There are going to be massive government infrastructure projects that flow on to stimulate the economy and the scope and scale of these infrastructure projects will mean that certain skill sets will need to be imported from overseas.
As to when economic activity picks up in Australia very much depends upon whether you adopt a managed return to work along the lines that schools reopen end of April, work constraints relaxed in May and certain community activities resume fully in September. This model accepts that you will have some covid 19 flare-ups and as a consequence a higher mortality rate but the cost to the economy is substantially less than the alternative model of eradicating the virus entirely which seems to be New Zealand’s model.
New Zealand’s model seems to be eradication of the virus entirely, presumably once a vaccine has been developed and adopting a closed border approach and severe restrictions on the type of economic activity until such time as the virus is eradicated. The number of lives saved is much higher but the economic consequences more dire.

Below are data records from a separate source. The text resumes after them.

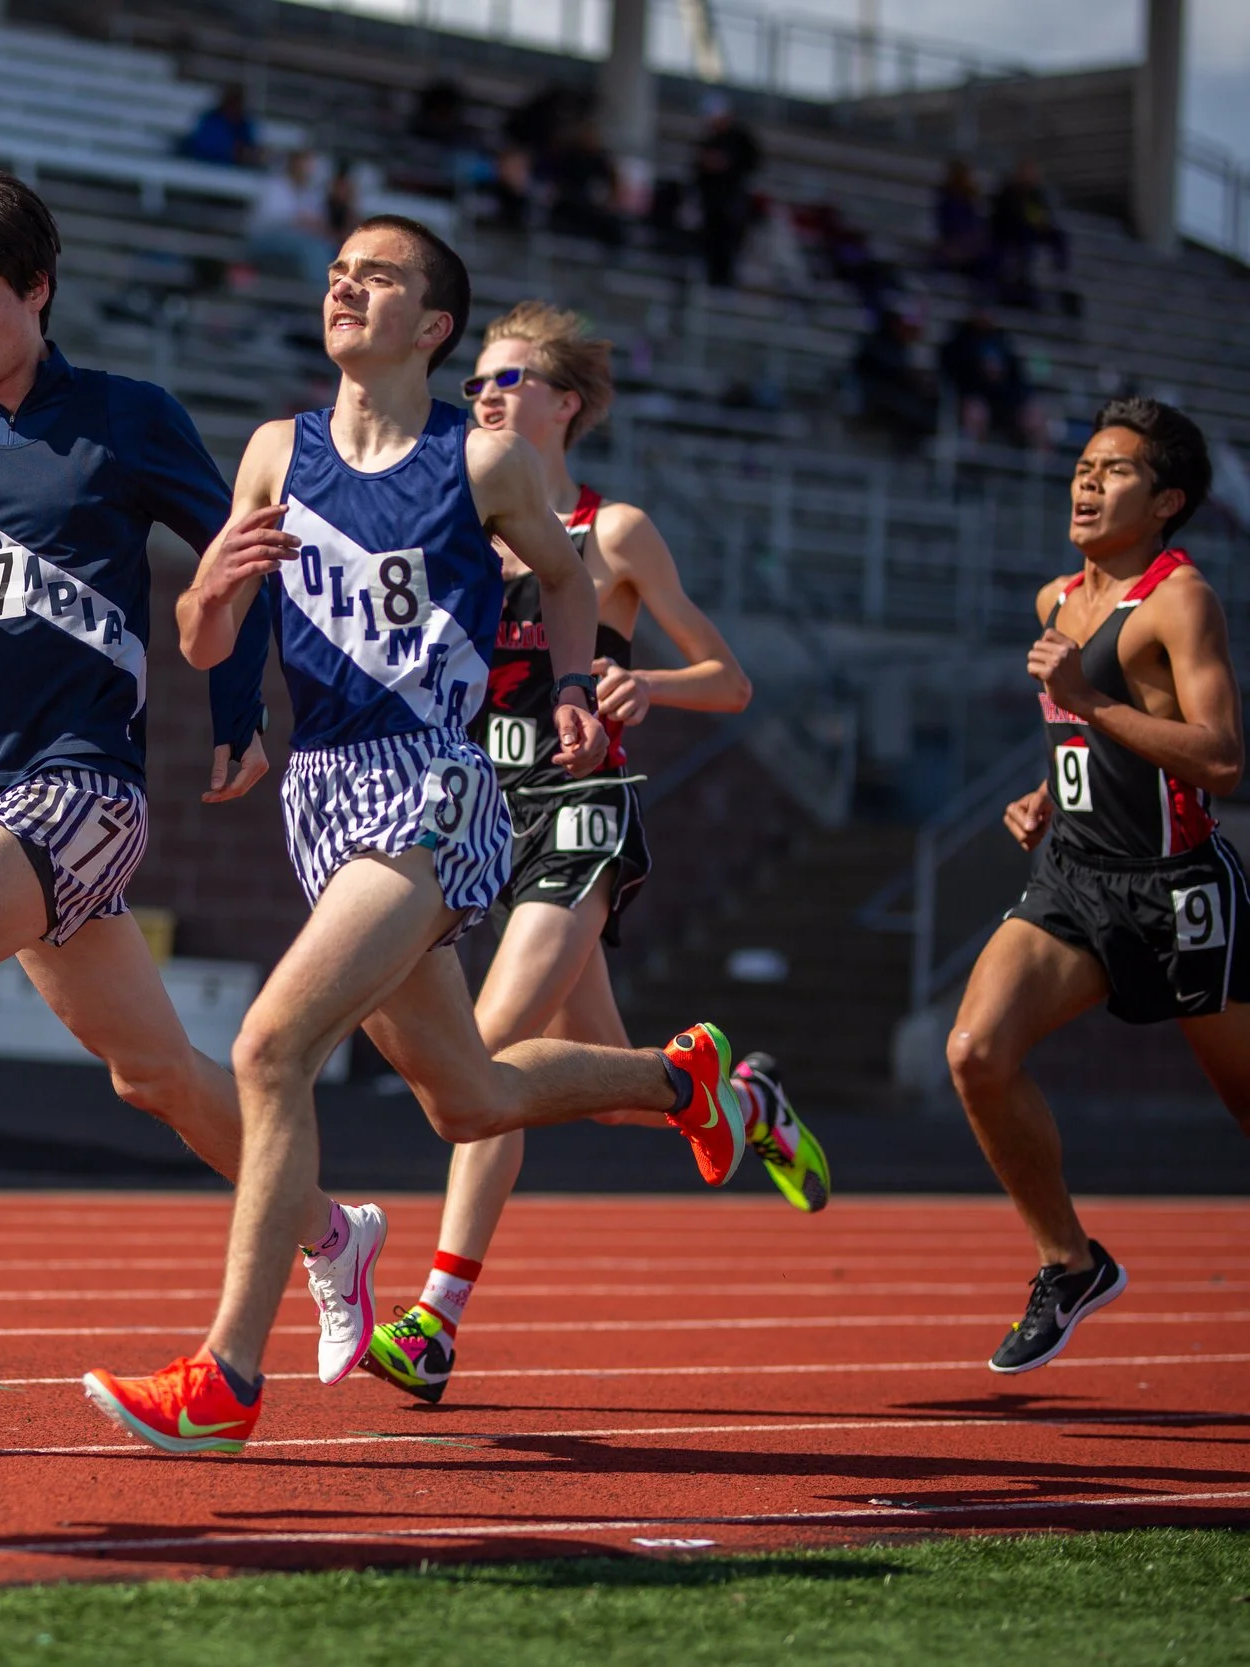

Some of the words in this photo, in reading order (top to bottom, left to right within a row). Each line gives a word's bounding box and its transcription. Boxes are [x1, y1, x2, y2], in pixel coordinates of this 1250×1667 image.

[379, 556, 418, 625] 8
[494, 721, 526, 762] 10
[434, 765, 469, 834] 8
[1063, 750, 1082, 806] 9
[70, 815, 121, 872] 7
[571, 807, 609, 847] 10
[1184, 889, 1213, 945] 9
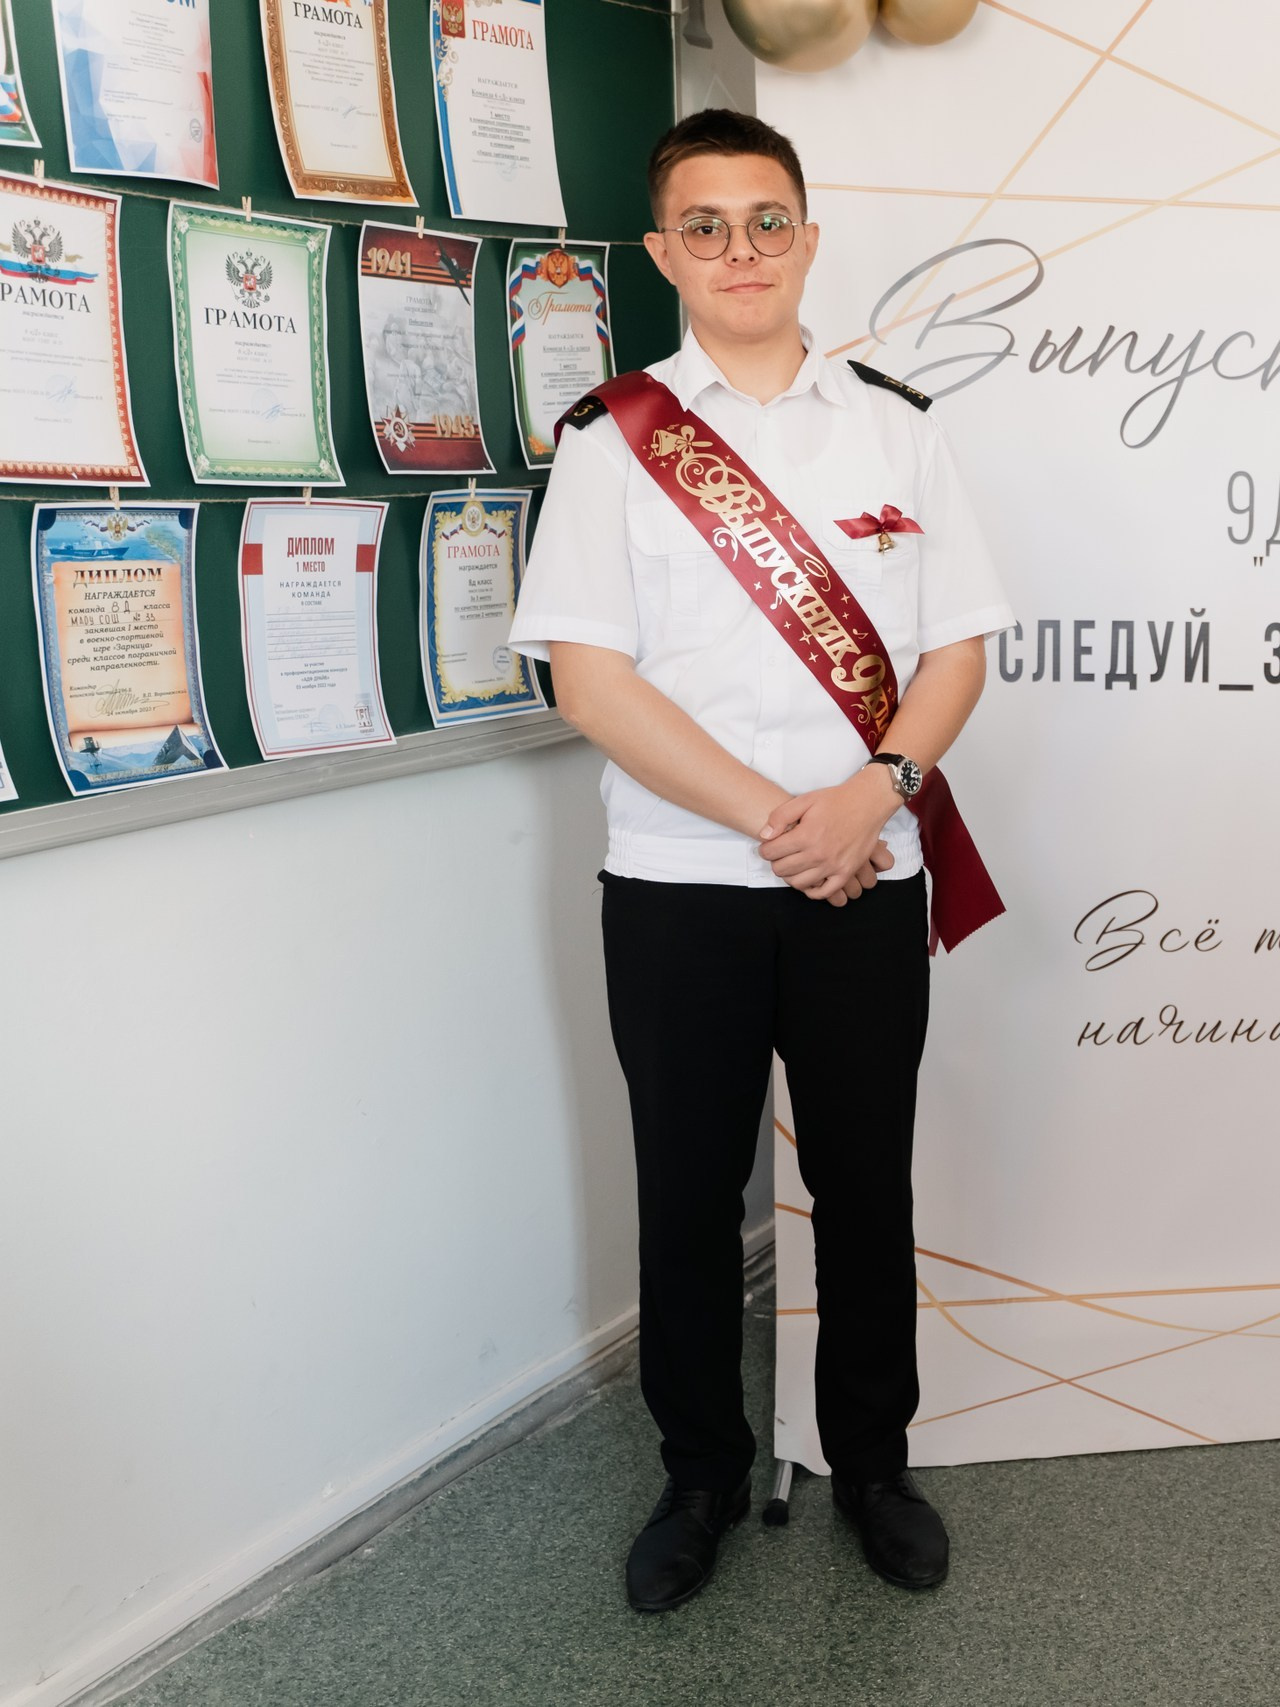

We also have a federation of states in Australia and whilst there are certain decisions that are in the domain of the federal government such as the opening of national borders our state premiers do have a large role to play in the type of economic and social activity permitted in each state and as different states in Australia have different rates of infection we may see some states with lower rates of infection adopting a more rapid return to normal economic activity sooner than others.
My crystal ball wasn’t that effective during the global financial crisis and I don’t know how effective is going to be through the Covid 19 crisis (perhaps it would have been more reliable if made in Australia) but I am of the opinion that if you don’t foresee things getting better in your home country and you do intend to immigrate to Australia you need to pursue a strategy that will ultimately secure permanent residence in this country.
General skilled migration visas still represent a very useful immigration strategy and because of the lead in time before you can apply for state sponsorship is in the region of six – eight months and because the economy in Australia is forecast to rebound in a v shaped way (sharp brief drop but sharp expansion) I believe you need to undertake the foundation phases now so that when the economy does rebound next year you will be in a better position to take advantage of the increased opportunities for state sponsorship.